**PROBLEM TO SOLVE**
So long as no pictures are carried over, output the records below exactly.

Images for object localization

::::

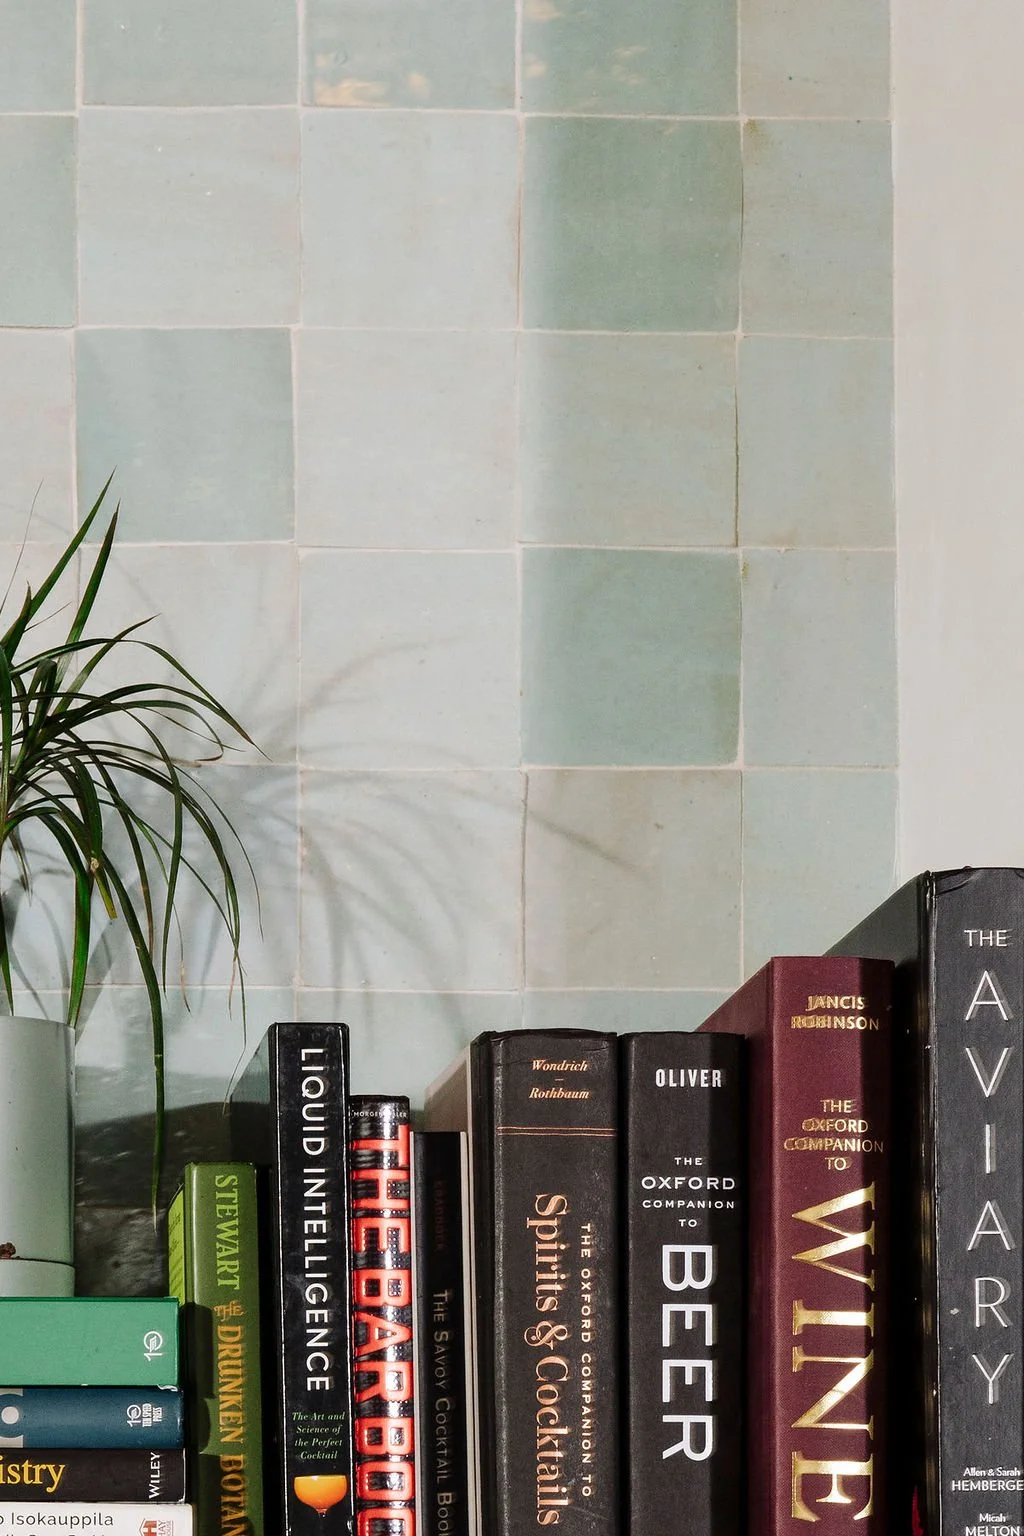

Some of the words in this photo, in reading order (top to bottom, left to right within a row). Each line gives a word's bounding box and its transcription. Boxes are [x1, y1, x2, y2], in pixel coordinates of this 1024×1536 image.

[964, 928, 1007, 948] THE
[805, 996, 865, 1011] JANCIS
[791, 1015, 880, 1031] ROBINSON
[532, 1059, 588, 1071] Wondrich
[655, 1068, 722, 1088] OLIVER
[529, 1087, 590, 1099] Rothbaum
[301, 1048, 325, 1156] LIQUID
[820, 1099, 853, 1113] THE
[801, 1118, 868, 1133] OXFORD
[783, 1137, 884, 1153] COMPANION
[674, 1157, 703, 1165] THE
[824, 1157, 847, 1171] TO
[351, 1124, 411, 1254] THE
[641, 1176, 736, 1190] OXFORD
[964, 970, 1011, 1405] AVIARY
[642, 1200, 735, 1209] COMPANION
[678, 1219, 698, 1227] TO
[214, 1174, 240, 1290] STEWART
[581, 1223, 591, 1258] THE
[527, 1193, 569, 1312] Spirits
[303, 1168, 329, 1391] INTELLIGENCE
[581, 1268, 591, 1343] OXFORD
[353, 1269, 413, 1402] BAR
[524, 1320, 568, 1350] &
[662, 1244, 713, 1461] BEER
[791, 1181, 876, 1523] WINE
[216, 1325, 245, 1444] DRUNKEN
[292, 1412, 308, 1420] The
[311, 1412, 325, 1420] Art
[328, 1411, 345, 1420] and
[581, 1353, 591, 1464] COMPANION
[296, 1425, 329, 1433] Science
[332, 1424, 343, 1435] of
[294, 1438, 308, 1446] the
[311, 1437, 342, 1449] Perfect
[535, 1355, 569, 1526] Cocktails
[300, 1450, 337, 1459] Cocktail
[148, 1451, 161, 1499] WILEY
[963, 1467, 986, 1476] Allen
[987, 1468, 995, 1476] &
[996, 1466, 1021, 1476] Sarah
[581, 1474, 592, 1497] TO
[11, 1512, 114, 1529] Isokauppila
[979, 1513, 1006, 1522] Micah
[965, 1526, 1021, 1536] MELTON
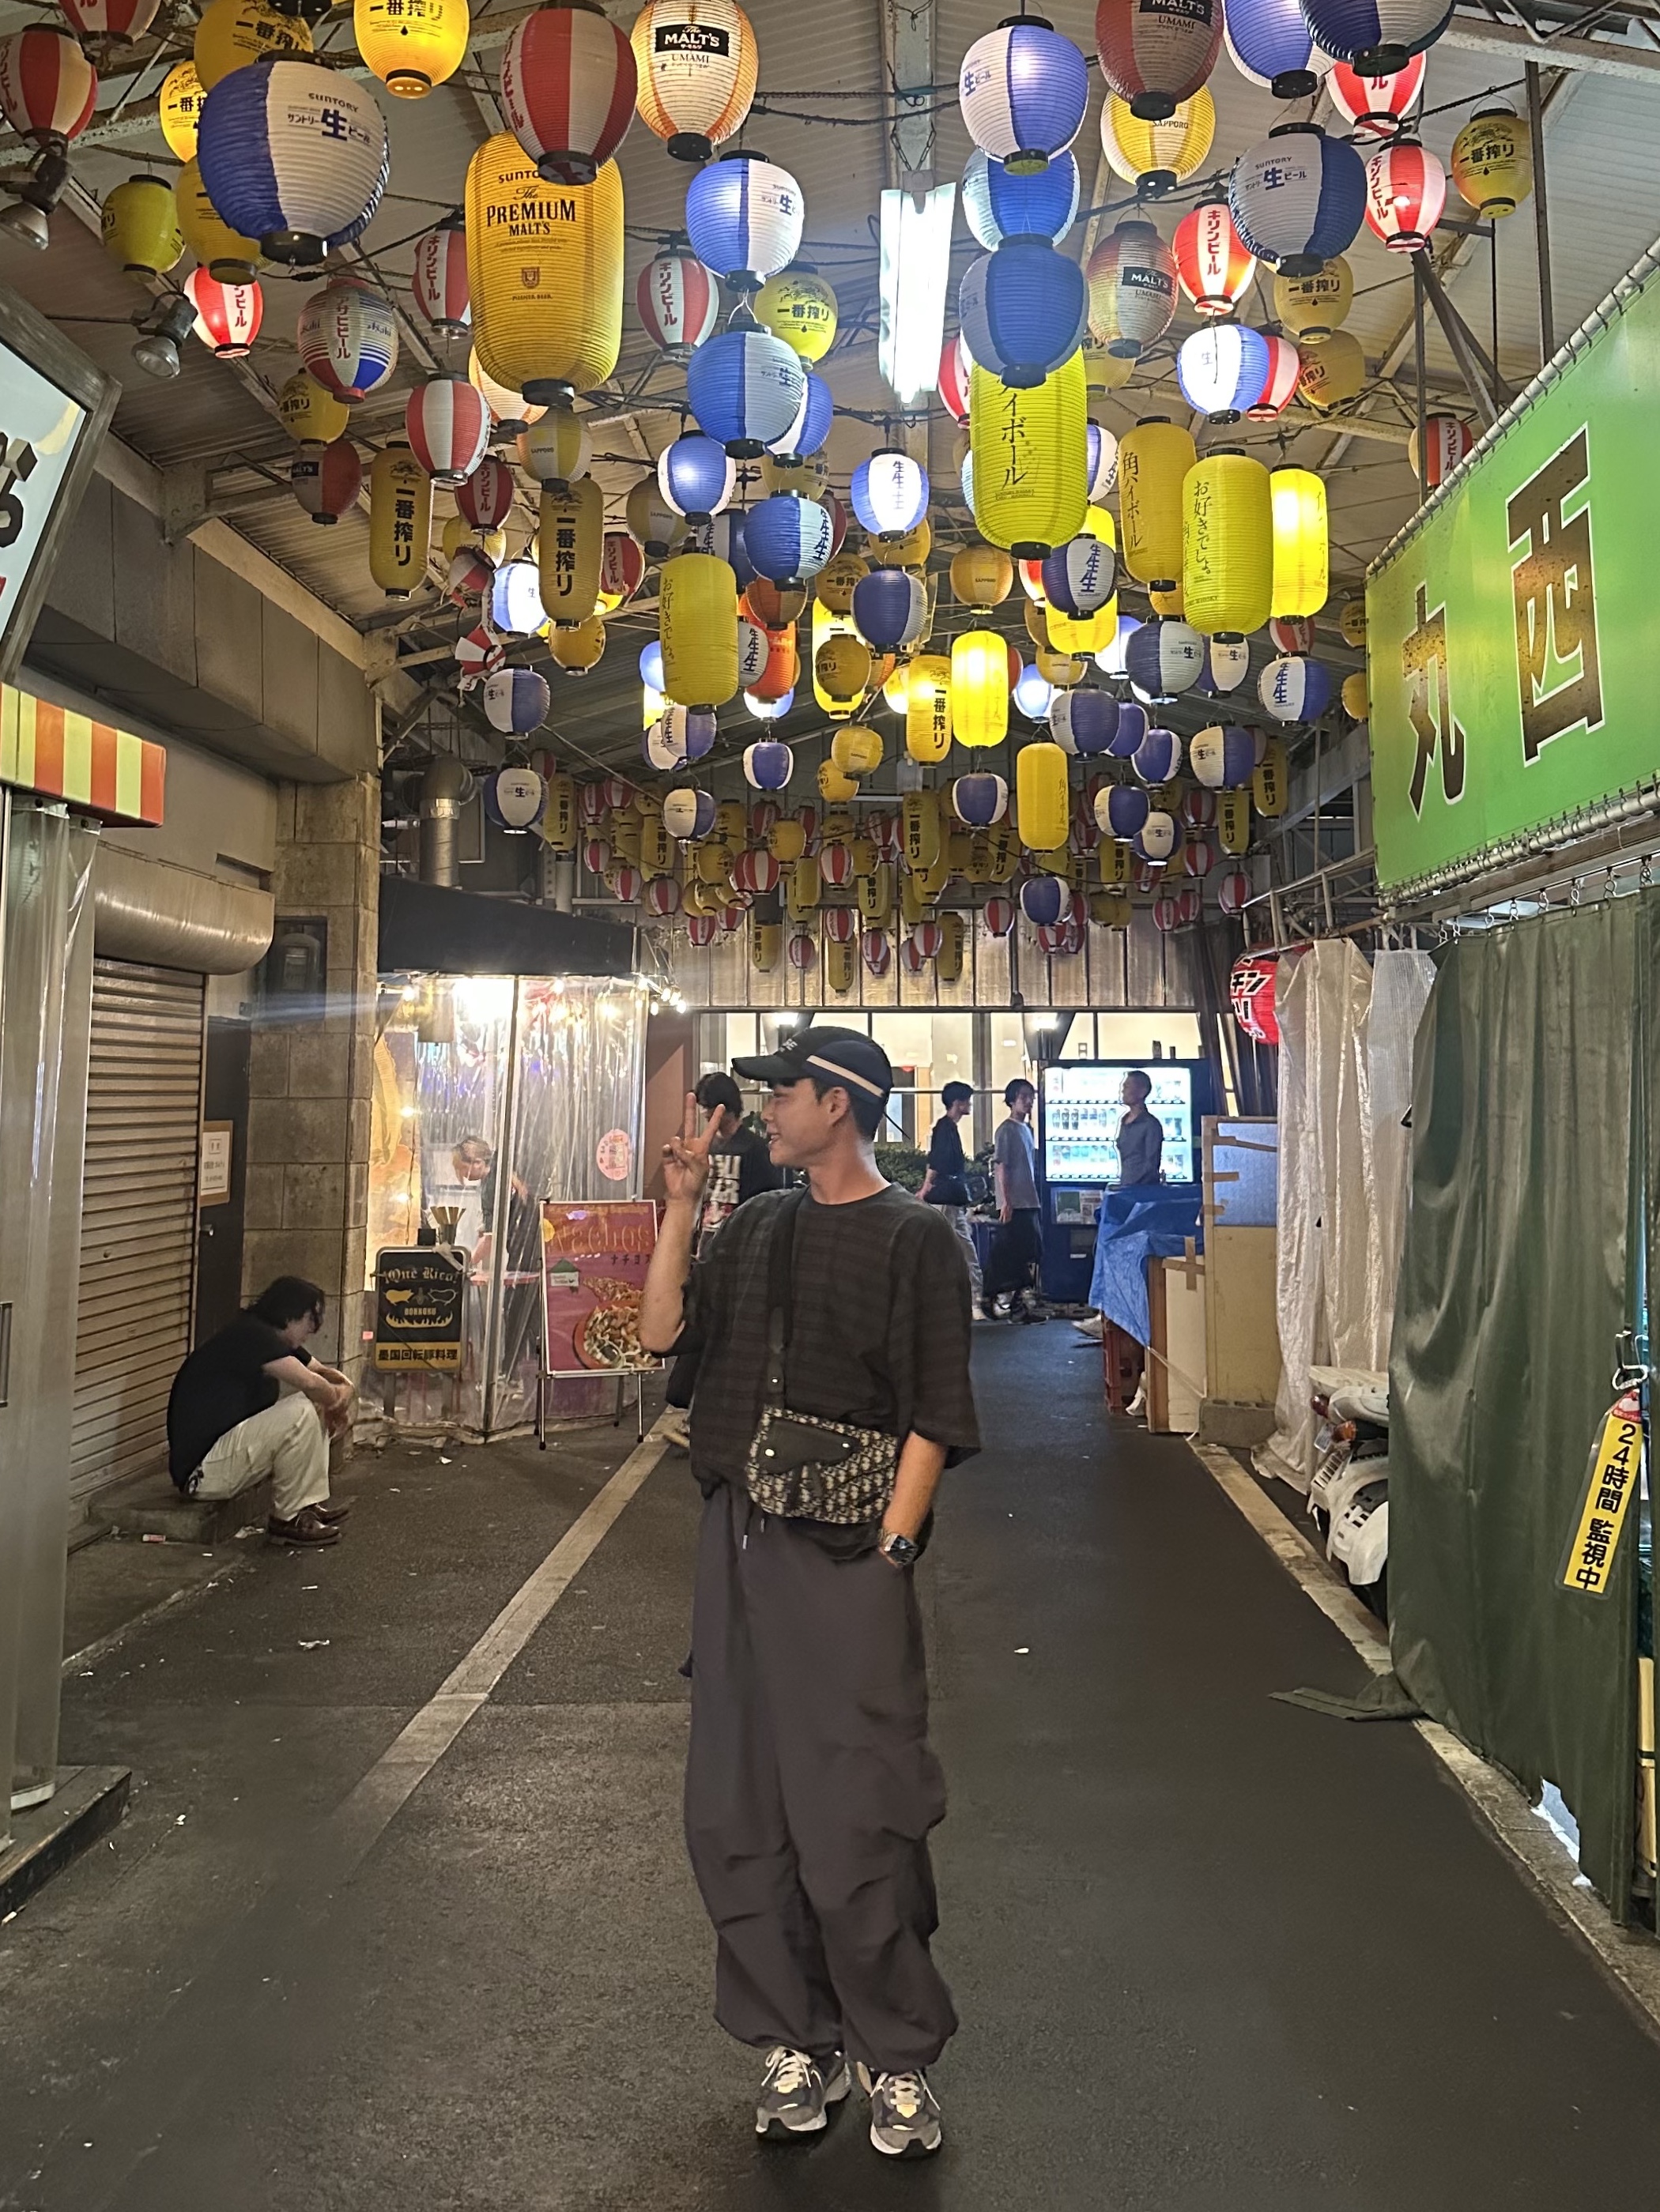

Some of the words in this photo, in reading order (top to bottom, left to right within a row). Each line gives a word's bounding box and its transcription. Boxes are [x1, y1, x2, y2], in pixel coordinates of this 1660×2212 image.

::::

**REPLY TO THE EXERCISE**
Some of the words in this photo, in reading order (top to bottom, left to right within a row). Each line gives a word's bounding box and its transcription. Boxes are [x1, y1, x2, y2], in pixel coordinates of this 1024×1536 image.

[964, 928, 1007, 948] THE
[805, 996, 865, 1011] JANCIS
[791, 1015, 880, 1031] ROBINSON
[532, 1059, 588, 1071] Wondrich
[655, 1068, 722, 1088] OLIVER
[529, 1087, 590, 1099] Rothbaum
[301, 1048, 325, 1156] LIQUID
[820, 1099, 853, 1113] THE
[801, 1118, 868, 1133] OXFORD
[783, 1137, 884, 1153] COMPANION
[674, 1157, 703, 1165] THE
[824, 1157, 847, 1171] TO
[351, 1124, 411, 1254] THE
[641, 1176, 736, 1190] OXFORD
[964, 970, 1011, 1405] AVIARY
[642, 1200, 735, 1209] COMPANION
[678, 1219, 698, 1227] TO
[214, 1174, 240, 1290] STEWART
[581, 1223, 591, 1258] THE
[527, 1193, 569, 1312] Spirits
[303, 1168, 329, 1391] INTELLIGENCE
[581, 1268, 591, 1343] OXFORD
[353, 1269, 413, 1402] BAR
[524, 1320, 568, 1350] &
[662, 1244, 713, 1461] BEER
[791, 1181, 876, 1523] WINE
[216, 1325, 245, 1444] DRUNKEN
[292, 1412, 308, 1420] The
[311, 1412, 325, 1420] Art
[328, 1411, 345, 1420] and
[581, 1353, 591, 1464] COMPANION
[296, 1425, 329, 1433] Science
[332, 1424, 343, 1435] of
[294, 1438, 308, 1446] the
[311, 1437, 342, 1449] Perfect
[535, 1355, 569, 1526] Cocktails
[300, 1450, 337, 1459] Cocktail
[148, 1451, 161, 1499] WILEY
[963, 1467, 986, 1476] Allen
[987, 1468, 995, 1476] &
[996, 1466, 1021, 1476] Sarah
[581, 1474, 592, 1497] TO
[11, 1512, 114, 1529] Isokauppila
[979, 1513, 1006, 1522] Micah
[965, 1526, 1021, 1536] MELTON

Some of the words in this photo, in reading order (top to bottom, left to right within a row). Each line gives a word's bounding box and its transcription. Boxes are [x1, y1, x2, y2], in pixel coordinates of this 1660×2212 image.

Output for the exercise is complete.